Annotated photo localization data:
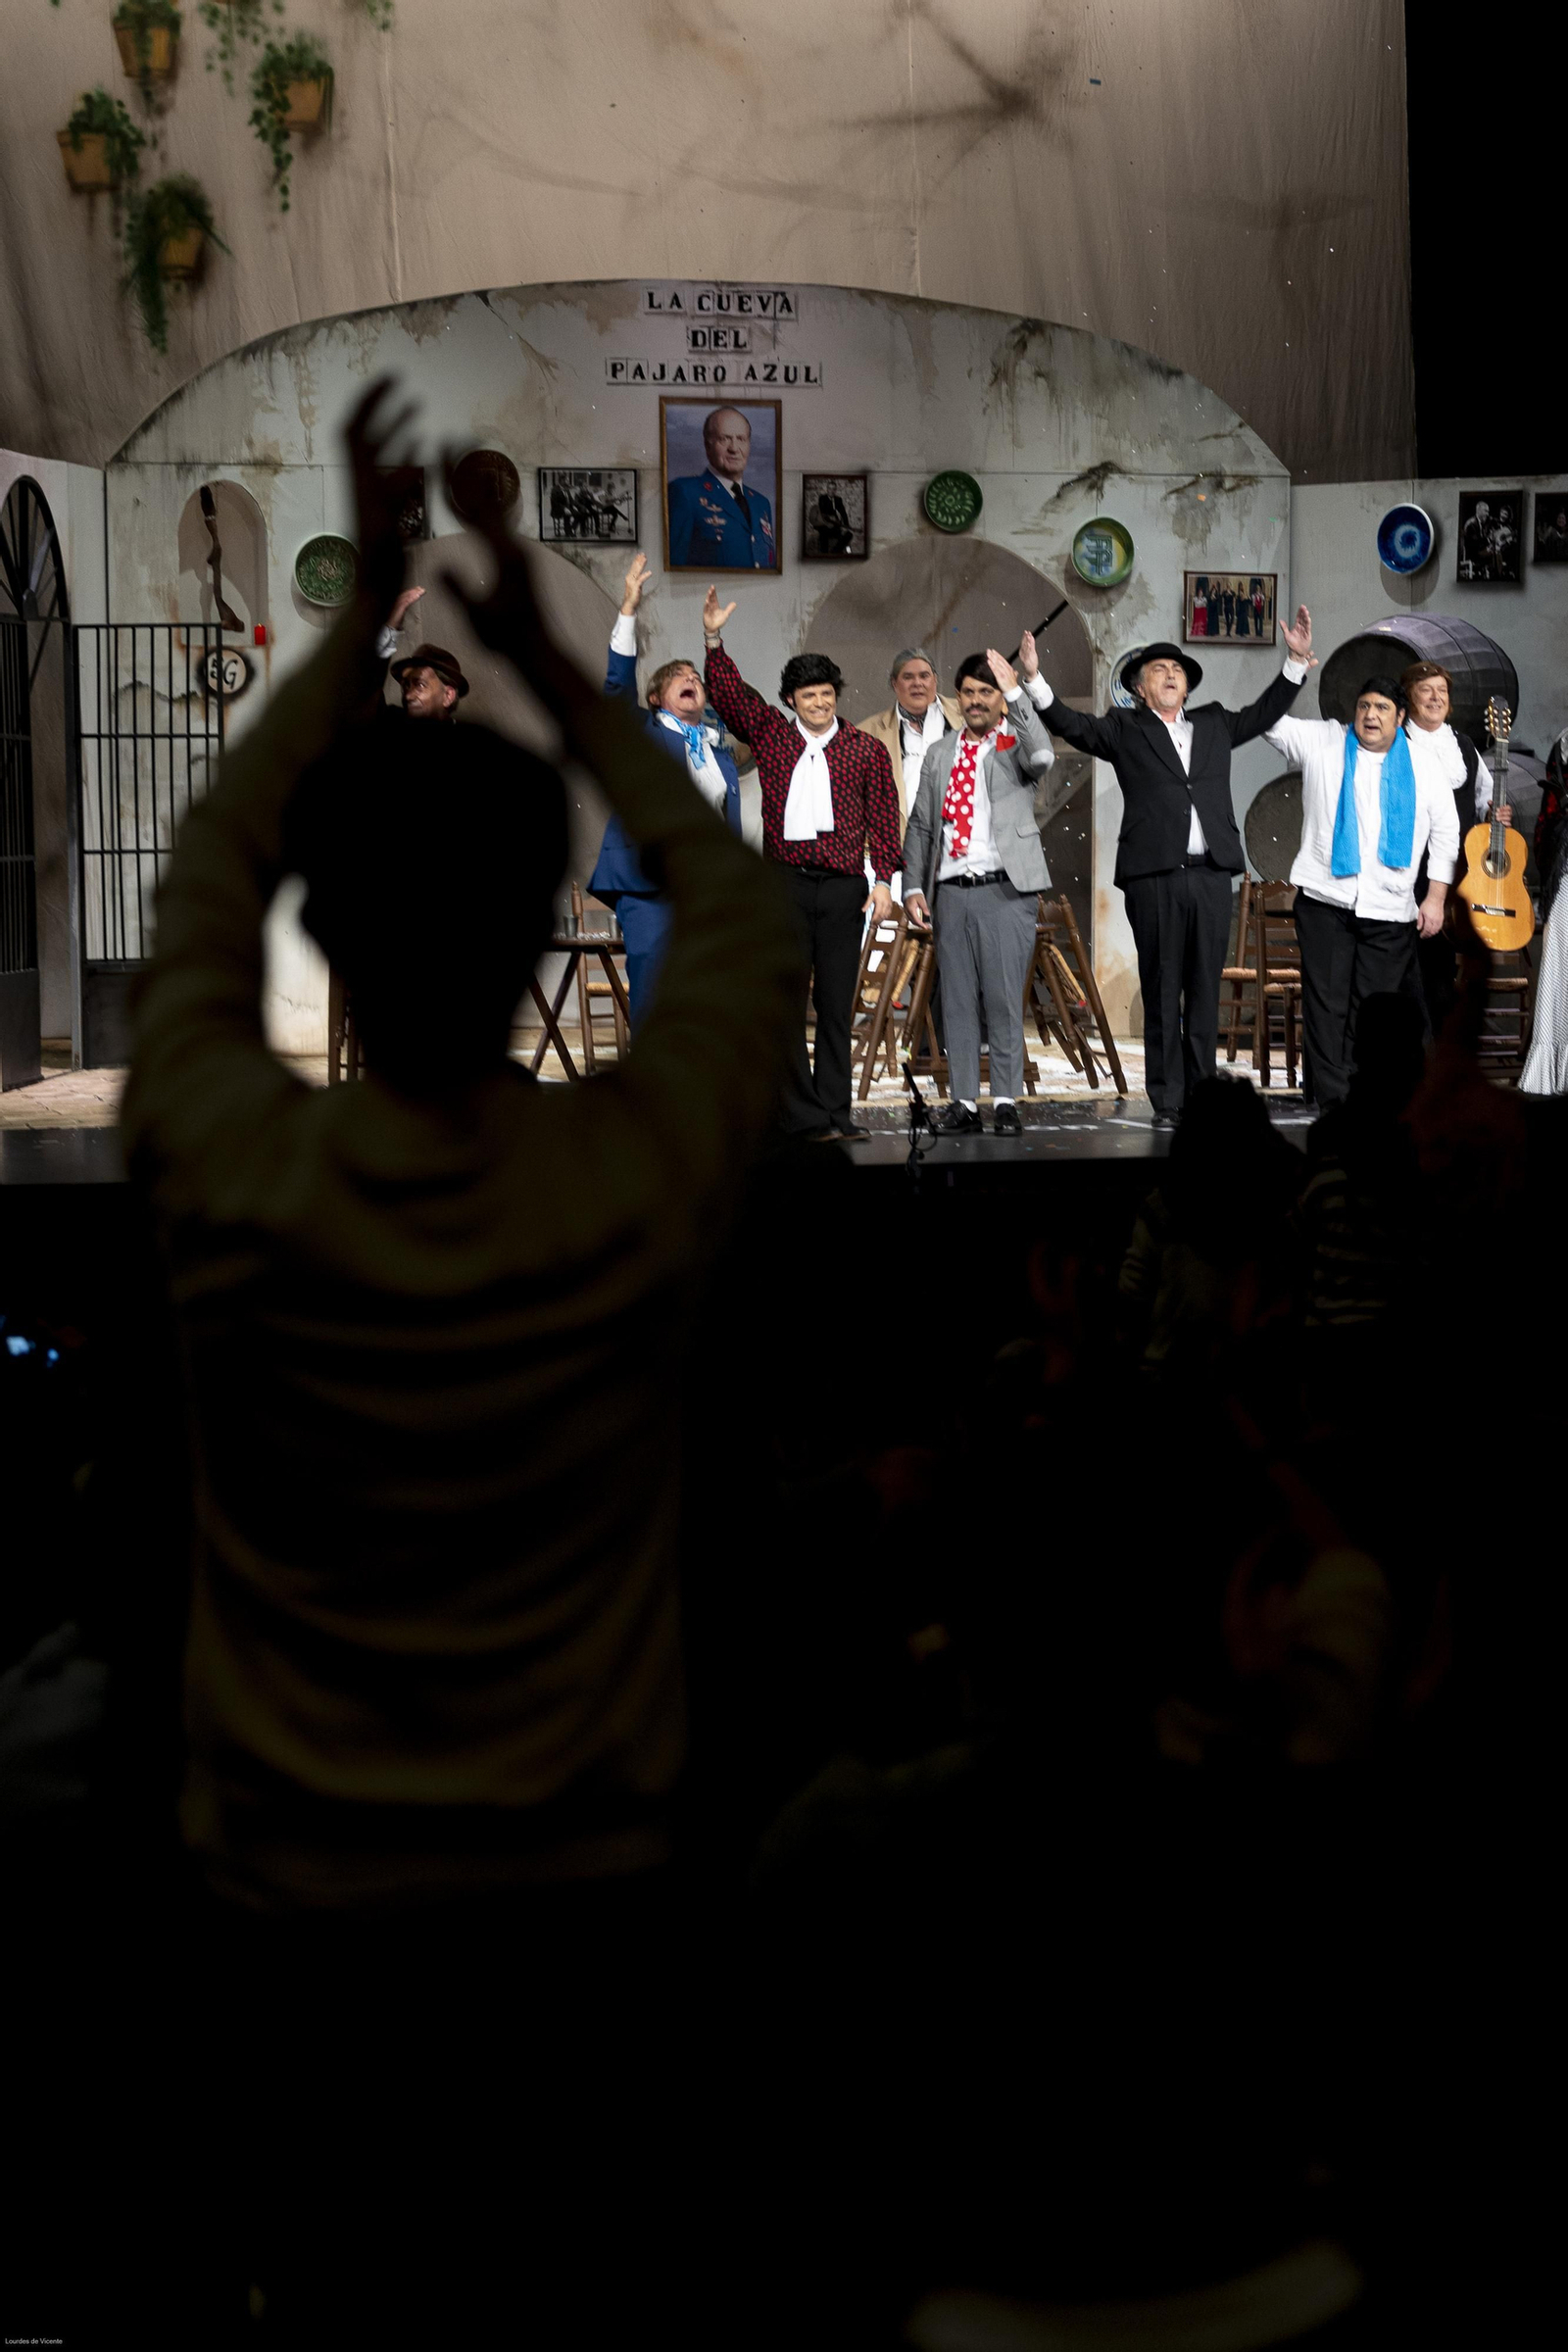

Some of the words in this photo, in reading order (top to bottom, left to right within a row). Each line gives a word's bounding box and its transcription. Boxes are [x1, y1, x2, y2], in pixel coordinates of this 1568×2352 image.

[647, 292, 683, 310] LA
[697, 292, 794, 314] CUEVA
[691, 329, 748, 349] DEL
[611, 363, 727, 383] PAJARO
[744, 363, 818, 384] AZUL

(GOAL OF THE EXERCISE): Because pictures are not wanted, give every entry above again exactly without them.

(YOUR RESPONSE):
Some of the words in this photo, in reading order (top to bottom, left to right within a row). Each line gives a word's bounding box and its transcription. Boxes are [x1, y1, x2, y2], in pixel coordinates of this 1568×2352 image.

[647, 292, 683, 310] LA
[697, 292, 794, 314] CUEVA
[691, 329, 748, 349] DEL
[611, 363, 727, 383] PAJARO
[744, 363, 818, 384] AZUL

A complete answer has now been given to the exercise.